**PROBLEM TO SOLVE:**
Retype the whole listing below precisely.

**INFORMATION SUPPLIED:**
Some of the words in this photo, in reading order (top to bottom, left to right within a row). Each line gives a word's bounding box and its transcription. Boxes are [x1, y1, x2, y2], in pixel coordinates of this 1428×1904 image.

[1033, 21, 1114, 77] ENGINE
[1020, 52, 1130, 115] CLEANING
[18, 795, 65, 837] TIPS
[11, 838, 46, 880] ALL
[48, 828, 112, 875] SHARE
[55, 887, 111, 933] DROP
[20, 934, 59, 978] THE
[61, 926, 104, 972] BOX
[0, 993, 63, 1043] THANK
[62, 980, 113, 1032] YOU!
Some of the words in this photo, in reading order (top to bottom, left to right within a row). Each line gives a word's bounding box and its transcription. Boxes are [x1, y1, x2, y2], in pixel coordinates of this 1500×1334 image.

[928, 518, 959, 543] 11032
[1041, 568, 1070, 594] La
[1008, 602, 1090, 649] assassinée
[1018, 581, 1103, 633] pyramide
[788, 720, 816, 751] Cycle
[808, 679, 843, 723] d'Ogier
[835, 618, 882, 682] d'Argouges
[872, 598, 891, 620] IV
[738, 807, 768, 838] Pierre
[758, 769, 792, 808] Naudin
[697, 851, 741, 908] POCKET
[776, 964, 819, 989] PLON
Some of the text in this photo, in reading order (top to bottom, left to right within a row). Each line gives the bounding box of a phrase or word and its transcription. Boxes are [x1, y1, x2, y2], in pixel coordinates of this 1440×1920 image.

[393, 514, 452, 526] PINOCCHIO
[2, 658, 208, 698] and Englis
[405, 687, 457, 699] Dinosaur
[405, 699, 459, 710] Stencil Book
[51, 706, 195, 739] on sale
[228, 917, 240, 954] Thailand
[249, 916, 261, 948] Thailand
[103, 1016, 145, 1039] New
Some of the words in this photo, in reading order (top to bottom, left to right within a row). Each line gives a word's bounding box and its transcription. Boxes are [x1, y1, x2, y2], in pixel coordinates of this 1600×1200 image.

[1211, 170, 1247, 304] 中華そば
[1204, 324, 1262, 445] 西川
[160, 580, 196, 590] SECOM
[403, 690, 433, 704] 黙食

**FINISHED TASK:**
Some of the words in this photo, in reading order (top to bottom, left to right within a row). Each line gives a word's bounding box and its transcription. Boxes are [x1, y1, x2, y2], in pixel coordinates of this 1428×1904 image.

[1033, 21, 1114, 77] ENGINE
[1020, 52, 1130, 115] CLEANING
[18, 795, 65, 837] TIPS
[11, 838, 46, 880] ALL
[48, 828, 112, 875] SHARE
[55, 887, 111, 933] DROP
[20, 934, 59, 978] THE
[61, 926, 104, 972] BOX
[0, 993, 63, 1043] THANK
[62, 980, 113, 1032] YOU!
Some of the words in this photo, in reading order (top to bottom, left to right within a row). Each line gives a word's bounding box and its transcription. Boxes are [x1, y1, x2, y2], in pixel coordinates of this 1500×1334 image.

[928, 518, 959, 543] 11032
[1041, 568, 1070, 594] La
[1008, 602, 1090, 649] assassinée
[1018, 581, 1103, 633] pyramide
[788, 720, 816, 751] Cycle
[808, 679, 843, 723] d'Ogier
[835, 618, 882, 682] d'Argouges
[872, 598, 891, 620] IV
[738, 807, 768, 838] Pierre
[758, 769, 792, 808] Naudin
[697, 851, 741, 908] POCKET
[776, 964, 819, 989] PLON
Some of the text in this photo, in reading order (top to bottom, left to right within a row). Each line gives the bounding box of a phrase or word and its transcription. Boxes are [x1, y1, x2, y2], in pixel coordinates of this 1440×1920 image.

[393, 514, 452, 526] PINOCCHIO
[2, 658, 208, 698] and Englis
[405, 687, 457, 699] Dinosaur
[405, 699, 459, 710] Stencil Book
[51, 706, 195, 739] on sale
[228, 917, 240, 954] Thailand
[249, 916, 261, 948] Thailand
[103, 1016, 145, 1039] New
Some of the words in this photo, in reading order (top to bottom, left to right within a row). Each line gives a word's bounding box and its transcription. Boxes are [x1, y1, x2, y2], in pixel coordinates of this 1600×1200 image.

[1211, 170, 1247, 304] 中華そば
[1204, 324, 1262, 445] 西川
[160, 580, 196, 590] SECOM
[403, 690, 433, 704] 黙食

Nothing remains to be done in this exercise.